Correlational Designs

While the correlational method is well suited to establishing relationships between the variables, it cannot demonstrate cause-and-effect relationships by itself. The correlational method is restricted to quantifiable data in the data set and therefore limited in its utility. Though readily applicable to quasi-experimental study situations, it is often difficult to apply in natural settings, where identification and measurement of the most important variables often becomes difficult. This problem is illustrated by the results obtain in the Yeaton (1994) study which investigated the relationship of patient attendance in self-help group meetings to successful completion of an alcohol treatment program.

This study examined the relationship between rates of patient attendance and successful completion of programs.

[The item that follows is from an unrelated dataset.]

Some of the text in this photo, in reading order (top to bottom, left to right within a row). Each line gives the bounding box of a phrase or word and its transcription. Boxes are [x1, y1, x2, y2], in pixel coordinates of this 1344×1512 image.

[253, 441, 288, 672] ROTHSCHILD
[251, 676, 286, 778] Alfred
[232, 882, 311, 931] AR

The relative rates of attendance in the service milieu of self-help groups are compared to the rates of successful treatment outcomes as a measure of programmatic effectiveness in treating substance abuse. However, collateral treatments for substance abuse and/or other deficits were not discussed. In addition, the actual service components of the self-help program were not discussed. As a consequence, any relationship between the study variables of attendance and outcome becomes inconclusive. The actual effects that were noted may be due to variables outside the scope of this investigation that were related to the study outcome variables. Thus, from the relationship found by this single correlational indicator, programmatic effectiveness cannot be inferred.

Correlational method research studies are best suited to discovering relationships solely among study variables. As illustrated by the Yeaton (1994)

investigation, it is very difficult to apply this approach to mental health service studies. Identifying and then measuring all the variables that define a program’s level of effectiveness becomes almost impossible using only this approach. When compounded by the various interests and focus of each stakeholder associated with a treatment program, the correlational method becomes almost useless in defining what works, for whom, under what circumstances.